Women, photograph by Lara Wechsler

I dreamt that we were around each other, but not really together.  Our recent split was a wound still open, and I was trying to follow you, to get back to you, to make you see me again as yours.  I knew that I had pushed you away in the first place and then raised the stakes for a reunion.  I never claimed to be the complete master of my emotions.  And you, being your locked-down self, said the same thing over and over, which in this case was like saying nothing at all, since I didn’t believe you wanted it to end.

All this was in the air around us when I saw the child, a young girl maybe two or three, walking around, uncertain perhaps where she was.  She was small, dressed in a pink Hello Kitty onesy, carrying a stuffed animal.  She bore a vague resemblance to you.  It looked as if she would begin to cry at any moment.

I didn’t know whose child she was, and there were no other adults around.  For reasons I don’t really understand or remember, I thought the child was with you, or that you knew where the parents were.  I pursued you with the child, and I told you that we need to find the parents.

I don’t remember that you said anything, but you took the child from me.

Then we got into a car and you told me to drive.  The car wasn’t yours, but I couldn’t figure out if it was stolen or rented.  On the way there—a “there” that only became clear as we got closer, since I didn’t know where we were going and was only following your periodic directions—the air between us was frosty.  Not much was said.  You held on to the child.

We pulled into the parking lot of a drug store, one of those chain stores that all look and feel the same, regardless of the name on the sign out front.  It was very white—the aisles, the light, the coats that people were wearing.  You took the child back behind the pharmacy counter and began speaking to someone amid shelves of pills and ointments and jars.  I couldn’t hear what you said, but you did something to divert me, something involving the car, and I left.

When I got back to the pharmacy, you were gone.  I shouted into empty space, “We have to return the car!  Whose is it?”  Then I saw you running away.

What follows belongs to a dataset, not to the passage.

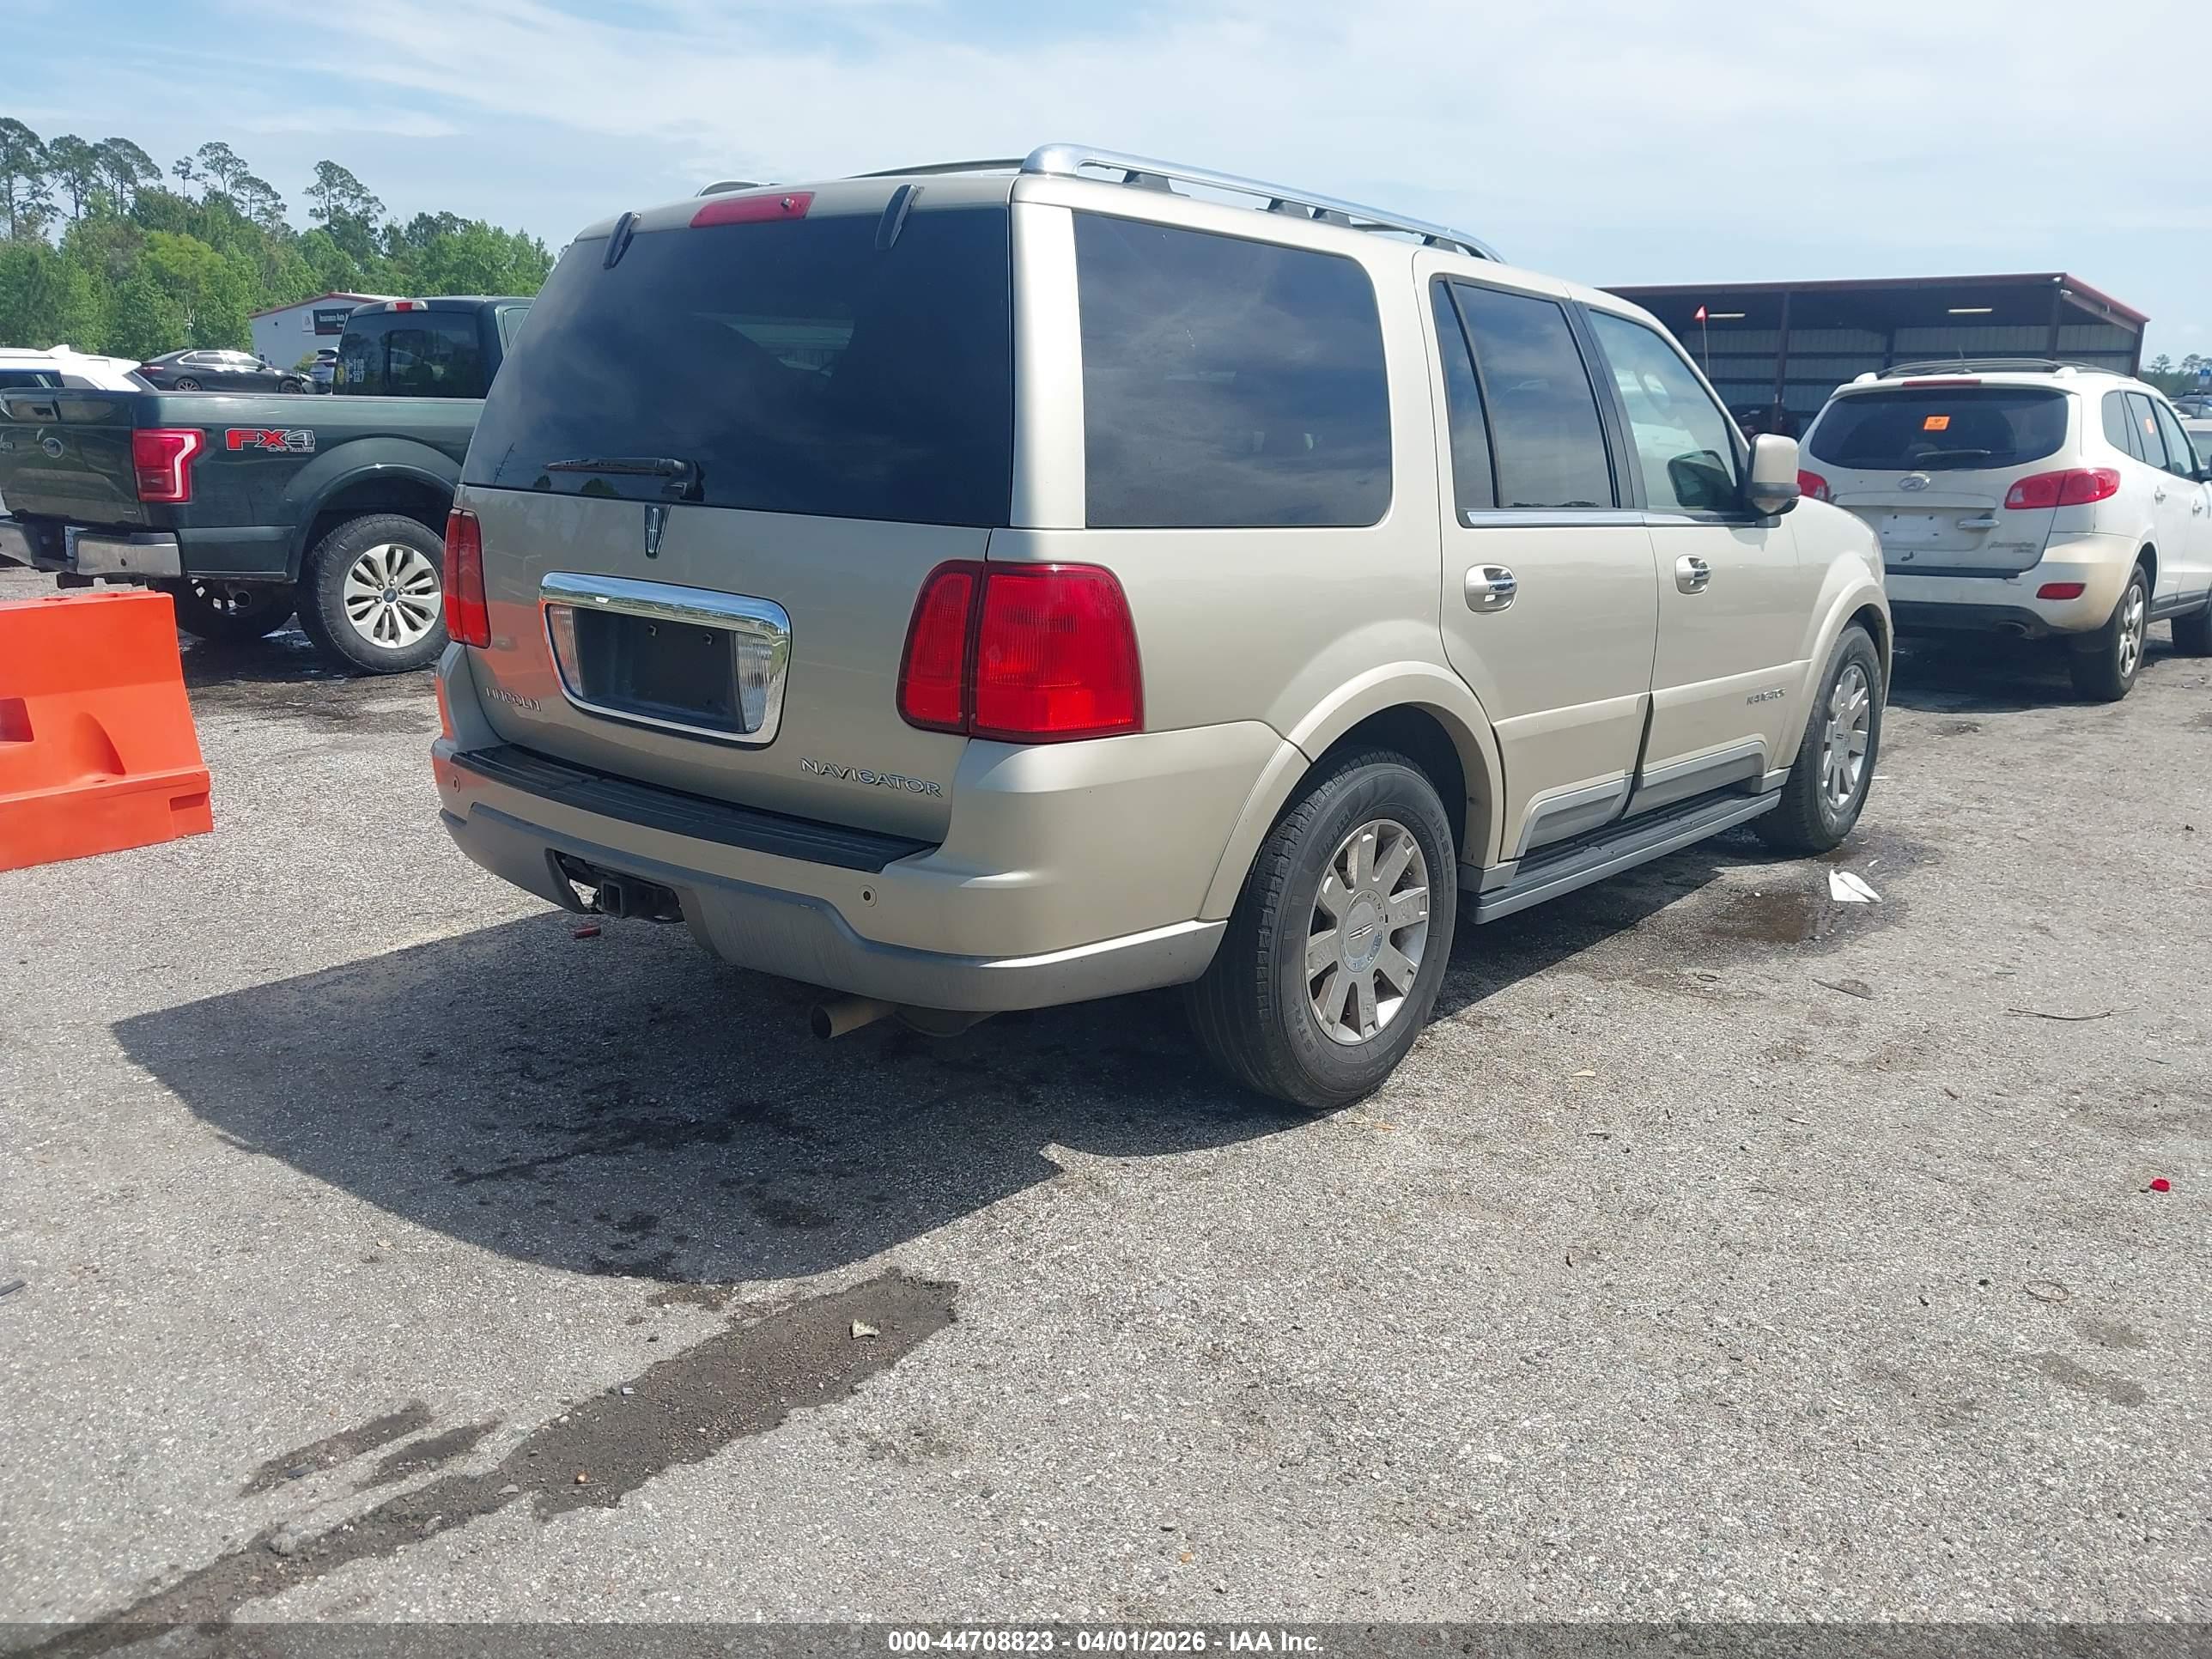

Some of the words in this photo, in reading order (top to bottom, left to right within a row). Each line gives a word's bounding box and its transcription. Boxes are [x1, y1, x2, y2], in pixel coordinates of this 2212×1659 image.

[225, 428, 315, 450] FX4
[486, 687, 541, 712] LINCOLN
[799, 758, 942, 798] NAVIGATOR

I followed you into a massive, dark parking lot, the kind of multi-story affair you see next to stadiums, shopping malls, and airports.  By the time I reached the spot, the car was gone and so were you.  I thought: I must call you.

I awoke shaking and covered in sweat.  I reached to the nightstand for the telephone, and that’s when I realized where I was.

Notes and Credits

This posting is fiction, but the dream was real.

Photography credit to Lara Wechsler, who let me use this photo for this posting.  Lara’s work can be found on flickr, and on her own website.   Her work is on exhibit with other local artists at 440 Gallery in Park Slope, Brooklyn.  Her work is street photography, which mainly involves photos of street scenes and, in Lara’s case, photographs of people.  The photograph I used in this posting is the rare one in her collection not of people (or even one person).  In this case, it’s a shot that evokes a persona, the perfect image for this dream that made me think, over and over again, what do I want?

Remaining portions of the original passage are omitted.